A grande propriedade rural consolidou-se mais ainda com a Lei de Terras, de 18 de setembro de 1850, que inviabilizou o acesso à propriedade da terra aos que não pertencessem às oligarquias rurais brasileiras.

A legislação então aprovada estabelecia que a posse de uma terra deixava de constituir uma base legal para o reconhecimento do direito de propriedade. Era necessário que somente um documento assinado por um juiz poderia fundamentar qualquer direito ao reconhecimento do direito de propriedade.

Desse modo nem os indígenas localizados em terras, que habitavam antes mesmo da chegada dos brancos, teriam qualquer direito se não houvessem feito petição ao juiz reivindicando direitos sobre as terras. Também afastava-se, do ponto de vista legal, a possibilidade dos imigrantes se tornarem proprietários. Somente após três anos de permanência no país e mediante requerimento à autoridade competente, teriam direitos à pequena propriedade rural em que viviam.

“Seguindo uma tradição exportadora de produtos primários, a economia brasileira optou mais uma vez pela monocultura, o que, no entanto, não pode ser entendido de forma absoluta. Sendo assim, o latifúndio não só dominou a paisagem rural do país, como teve, por necessidade, a proteção governamental para a sua expansão. Era de fundamental importância, portanto, a existência de mecanismos que viabilizassem a aquisição de empréstimos para o plantio, obtido tanto pela demarcação da propriedade fundiária pela Lei de Terra, quanto a partir da lei de hipoteca rural, que deu as devidas garantias para os financiadores.
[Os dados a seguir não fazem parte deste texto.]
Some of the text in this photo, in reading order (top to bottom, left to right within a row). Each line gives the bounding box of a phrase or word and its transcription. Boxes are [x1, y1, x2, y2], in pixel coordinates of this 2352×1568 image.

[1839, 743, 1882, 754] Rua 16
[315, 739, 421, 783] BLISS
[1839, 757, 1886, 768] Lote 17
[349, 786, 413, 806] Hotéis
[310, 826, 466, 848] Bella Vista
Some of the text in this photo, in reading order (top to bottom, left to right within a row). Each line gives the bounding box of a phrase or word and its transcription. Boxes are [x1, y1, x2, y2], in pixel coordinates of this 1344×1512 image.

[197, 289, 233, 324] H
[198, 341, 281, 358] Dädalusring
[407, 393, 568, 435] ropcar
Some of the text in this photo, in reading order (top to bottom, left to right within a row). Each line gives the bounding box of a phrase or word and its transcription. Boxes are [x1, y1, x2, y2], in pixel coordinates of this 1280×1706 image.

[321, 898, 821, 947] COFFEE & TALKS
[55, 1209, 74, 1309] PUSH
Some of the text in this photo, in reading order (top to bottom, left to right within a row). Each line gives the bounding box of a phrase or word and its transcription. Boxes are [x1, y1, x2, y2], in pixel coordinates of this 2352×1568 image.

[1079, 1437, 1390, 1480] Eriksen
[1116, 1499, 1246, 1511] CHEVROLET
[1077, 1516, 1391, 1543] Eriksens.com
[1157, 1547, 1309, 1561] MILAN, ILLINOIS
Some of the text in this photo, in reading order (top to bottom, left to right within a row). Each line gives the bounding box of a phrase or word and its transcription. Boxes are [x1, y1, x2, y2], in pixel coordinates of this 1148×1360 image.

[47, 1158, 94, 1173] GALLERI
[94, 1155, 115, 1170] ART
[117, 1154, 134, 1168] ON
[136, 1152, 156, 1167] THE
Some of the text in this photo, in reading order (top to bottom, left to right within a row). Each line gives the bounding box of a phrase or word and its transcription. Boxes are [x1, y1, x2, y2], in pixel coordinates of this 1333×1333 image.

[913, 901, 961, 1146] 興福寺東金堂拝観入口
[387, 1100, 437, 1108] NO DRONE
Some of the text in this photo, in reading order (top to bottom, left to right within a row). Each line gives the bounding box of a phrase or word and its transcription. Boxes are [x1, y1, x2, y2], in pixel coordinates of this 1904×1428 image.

Ao mesmo tempo, o modelo econômico que se estruturava no Brasil constituía um forte vínculo com o capital internacional. Diante da divisão internacional do trabalho, os países cuja estrutura interna se encontrava ainda arraigada às relações de produção de tipo colonial constituíam-se como fornecedores de matéria-prima, bem como consumidores de produtos industrializados. Essa última característica permitiu a penetração do capital estrangeiro no país através, principalmente, da importação de bens de capital para a lavoura cafeeira.

(...)A Lei de Terras foi um fator importante para a transformação da propriedade da terra segundo critérios capitalistas. Quando por exigência legal, então a partir de 1850, as terras não mais poderiam ser ocupadas como ocorria no regime de posse, ou doadas quando no sistema de sesmarias, mudava a forma de se adquirir uma propriedade no meio rural, bem como o seu caráter.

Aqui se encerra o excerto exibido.